“Faster, higher, stronger”also in technology? From the Artificial Intelligence (AI) to next-generation telecommunications networks, the companies participating in the Olympic Games of Paris They aim to apply the Olympic motto to promote their innovations to a global audience.
In addition to the benefits at the corporate image level of being associated with one of the most followed events on the planet, technological giants such as Alibaba, Atos, Intel, Cisco, Samsung, will present at Paris-2024 “innovative concepts” destinated to “changing the face of sport” assured the International Olympic Committee (IOC) about its powerful partners.
First Olympic deployment of AI
The IOC launched its “AI Olympic Agenda” to define the impact that this could have on sport. In practice, Paris-2024 will be the first Olympic event with ample examples of the application of this technology.
An innovation that will allow for the generation of customized and personalized video summaries of events almost in real time, “creating efficiencies in production and editing” for Olympic Broadcasting Services (OBS), the audiovisual subsidiary of the IOC.

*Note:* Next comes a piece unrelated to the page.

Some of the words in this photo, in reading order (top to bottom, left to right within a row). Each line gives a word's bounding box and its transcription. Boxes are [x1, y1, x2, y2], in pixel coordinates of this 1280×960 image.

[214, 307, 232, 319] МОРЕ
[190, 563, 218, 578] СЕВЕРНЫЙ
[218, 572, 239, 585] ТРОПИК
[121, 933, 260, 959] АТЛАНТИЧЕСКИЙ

Led by the American giant Intel, this innovation will allow the automatic editing of key moments in 14 disciplines, according to the preferences of the audiovisual rights holders and the target audience on their digital platforms and social networks.

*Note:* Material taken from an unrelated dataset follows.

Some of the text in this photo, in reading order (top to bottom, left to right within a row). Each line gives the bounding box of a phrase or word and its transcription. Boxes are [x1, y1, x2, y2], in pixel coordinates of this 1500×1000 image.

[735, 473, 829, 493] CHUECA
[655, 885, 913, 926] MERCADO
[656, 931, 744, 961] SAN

“Each fan, on different platforms, can be offered the right content,” promises the American company.
For this new service, the models have been trained sport by sport with content taken from the vast video archives managed by OBS, which plans to produce a total of 11,000 hours of content during the Paris Games.
In addition to a chatbot for athletes “Designed to provide quick and easy answers to frequently asked questions,” The IOC will also have an AI-based system to monitor thousands of social media accounts in real time, in more than 35 languages, in order to protect the 15,000 athletes and 2,000 officials from online abuse.
“Any identified threats will be reported so that abusive messages can be dealt with effectively by social media platforms, in many cases before the athlete has even seen them,” This publication, the Committee points out, estimates that it will be shared “500 million” of messages on social networks during the 2024 Games.
AI-powered cybersecurity
As for cybersecurity services, Eviden, the specialised branch of the French IT group Atos, is in charge with the technological support of the American company Cisco, while the organisers expect the Games to be subject to a large number of cyberattacks (eight to ten times more than the Tokyo Games, held in 2021 due to the pandemic).
An example of the tool made available to teams by Cisco is XDR, which makes threat levels visible in real time, alerting about IP addresses with anomalous behavior, for example, and eliminates irrelevant threats using artificial intelligence.
“When you’re talking about dealing with 4 billion potential incidents or cybersecurity events, you can’t do it without AI,” Eric Greffier, director of technology for the Olympics at Cisco, told AFP.
“We need to clean up these events to only keep the topics we are not sure about (…) saying that we are going to keep human power for the topics that AI cannot handle automatically”he added. “That is what allows us to be effective.”
Private 5G and 8K
Beyond AI, Paris 2024 will be an Olympics 100% 5G, with telecommunications networks “Faster” and the introduction of private 5G (a mobile network adapted to a specific geographical area through the use of a frequency).
This is a welcome technological innovation to ensure the reliability (very high bandwidth, secure communications, etc.) of the coverage of the opening ceremony on the Seine, the largest production in the world. “never done” in the history of the Games in terms of equipment (with more than 100 camera systems, eight drones, three helicopters and 200 smartphones deployed on the 85 boats that will carry the athletes’ delegations on a 6km parade).
AI will also be present to support the broadcast of live content in 8K, enabled by Intel processors to expand the limits of the ultra-high definition image standard.
“There has been tremendous progress in our ability to deploy networks intelligently and much more quickly (…) we are more automated, we have more intelligence in the system compared to Tokyo”warns Cisco’s Eric Greffier. AI is gaining ground and gaming is no exception.